Archive for the 'baby projects' Category

The Batbears

Thursday, November 5th, 2009

Last year around halloween, Grandpa Jeff included this little stuffed thing in one of his packages. It was a tiny teddy bear dressed in a “spooky” bat costume, purple with orange wings. Ronin immediately loved it and has been unusually attached to Batbear, as he is called. Batbear has always been Ronin’s choice when we go on outings (partly because we refuse to let her take Nigel out of the house; we are too afraid of what might happen if he were to be lost) and accompanies us on walks, to the park, to the grocery store, etc.

We decided it would be cute to make her a Batbear costume of her own. I figured she would understand what she was dressing as and be really into it.

Here’s Batbear. He’s looking a little scruffy (probably needs a bath; Batbear takes baths with Ronin as well). I used a pair of pajamas to quickly draw a pattern with orange crayon. Ronin was VERY interested in this step. Joshua had to drag her screaming away from me so I could finish my outline; let’s just say it was hastily drawn. Then I cut out the body from purple fleece—also very interested for babies.

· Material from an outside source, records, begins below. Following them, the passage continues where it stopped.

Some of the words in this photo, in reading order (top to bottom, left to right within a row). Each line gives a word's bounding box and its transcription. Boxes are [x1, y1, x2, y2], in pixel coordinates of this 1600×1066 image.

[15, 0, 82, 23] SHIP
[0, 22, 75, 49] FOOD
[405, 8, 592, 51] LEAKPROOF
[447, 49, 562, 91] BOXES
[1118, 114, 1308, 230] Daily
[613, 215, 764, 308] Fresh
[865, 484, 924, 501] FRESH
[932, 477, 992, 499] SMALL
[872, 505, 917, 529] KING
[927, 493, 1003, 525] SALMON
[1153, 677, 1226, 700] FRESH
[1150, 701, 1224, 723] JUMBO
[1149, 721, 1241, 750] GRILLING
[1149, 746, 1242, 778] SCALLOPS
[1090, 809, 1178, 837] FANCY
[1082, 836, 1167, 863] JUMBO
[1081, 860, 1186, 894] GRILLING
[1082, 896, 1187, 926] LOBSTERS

Here’s the body sewn together. I ended up having to re-do the arms. After attaching the first one, it was clear that half-assed crayon sketches were not the way to go when it came to armhole and sleeve tailoring. I cut it off and re-designed them raglan style. This was much easier to attach and happened to match the real Batbear better anyway.

The pattern against the costume body. Ronin is helping.

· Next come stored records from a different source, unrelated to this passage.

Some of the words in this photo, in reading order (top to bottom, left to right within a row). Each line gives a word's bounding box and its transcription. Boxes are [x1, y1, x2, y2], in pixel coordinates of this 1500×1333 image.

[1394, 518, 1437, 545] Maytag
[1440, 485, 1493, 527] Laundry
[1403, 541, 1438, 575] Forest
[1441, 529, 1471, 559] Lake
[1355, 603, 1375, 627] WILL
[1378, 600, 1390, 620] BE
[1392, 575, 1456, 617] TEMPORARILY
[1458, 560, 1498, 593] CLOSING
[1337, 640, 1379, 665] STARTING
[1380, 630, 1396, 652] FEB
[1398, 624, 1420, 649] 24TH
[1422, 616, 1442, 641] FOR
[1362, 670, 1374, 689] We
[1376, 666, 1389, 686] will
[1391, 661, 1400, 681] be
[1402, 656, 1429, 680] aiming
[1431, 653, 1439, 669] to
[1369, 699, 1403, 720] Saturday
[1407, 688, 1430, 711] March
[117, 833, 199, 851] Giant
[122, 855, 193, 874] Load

Ronin was pretty excited about the Batbear costume although I’m not sure that she really understood that it was for her initially. She wanted to put it on Batbear (too big) and Nigel (still too big).

I was a little worried about how to deal with the hat part. I knew what I wanted to do but wasn’t sure how to go about making a pattern for a full head thing. Luckily, the random sketch I made worked well enough and I had Ronin’s batbear hat together in no time. There was still some purple felt left over and since Joshua and I had not come up with any ideas for ourselves, I used the rest of it to make us matching Batbear hats.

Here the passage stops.